We will use the elementary fact that for $m \ge k \ge m/2$, the binomial coefficients satisfy
$${m\choose k+1} <{m \choose k}. \quad (\#)$$
The case $x=0$ is obvious so we may assume $x$ has some nonzero coordinate.

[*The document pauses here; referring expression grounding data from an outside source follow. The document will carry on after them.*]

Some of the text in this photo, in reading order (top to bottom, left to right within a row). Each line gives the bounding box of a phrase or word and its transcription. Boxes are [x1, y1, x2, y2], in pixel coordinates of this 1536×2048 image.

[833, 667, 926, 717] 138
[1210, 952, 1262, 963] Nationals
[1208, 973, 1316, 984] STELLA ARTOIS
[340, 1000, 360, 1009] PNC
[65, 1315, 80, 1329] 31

By symmetry, we may assume that $x_1>0$. Then it suffices to show that for every $y \in \mathbb Z^d$ that satisfies $y_1 \ge 0$, the point $z=z(y)$ that agrees with $y$ in all coordinates except the first, where $z_1=y_1+2$, we have the strict inequality $$P(S_n=z)<P(S_n=y)$$ for all $n$ such that $P(S_n=z)>0$. Let $A_n$ be the (random) set of steps among the first $n$ when the random walk moved in the first coordinate, and let $w^*$ denote the projection of a node $w \in\mathbb Z^d$ to coordinates $2,3 ,\ldots, d$. Fix $y$ with $y_1 \ge 0$ and let $z=z(y)$ as above, so that $z^*=y^*$. If $A_n$ satisfies $$P(S_n=z \,|A_n)>0 \,,$$ then the cardinality $|A_n|$ and $z_1$ must have the same parity, and by $(\#)$,
$$P(S_n=z\, | \, A_n)=P(S_n^*=z^* \,|A_n) \cdot {|A_n| \choose \frac{|A_n|+z_1}{2}}2^{-|A_n|} \; < $$ $$ \: P(S_n^*=y^* \,|A_n) \cdot {|A_n| \choose \frac{|A_n|+y_1}{2}}2^{-|A_n|}= P(S_n=y\, | \, A_n) \,.$$
Taking expectations (i.e., averaging over $A_n$) gives $P(S_n=z)<P(S_n=y)$.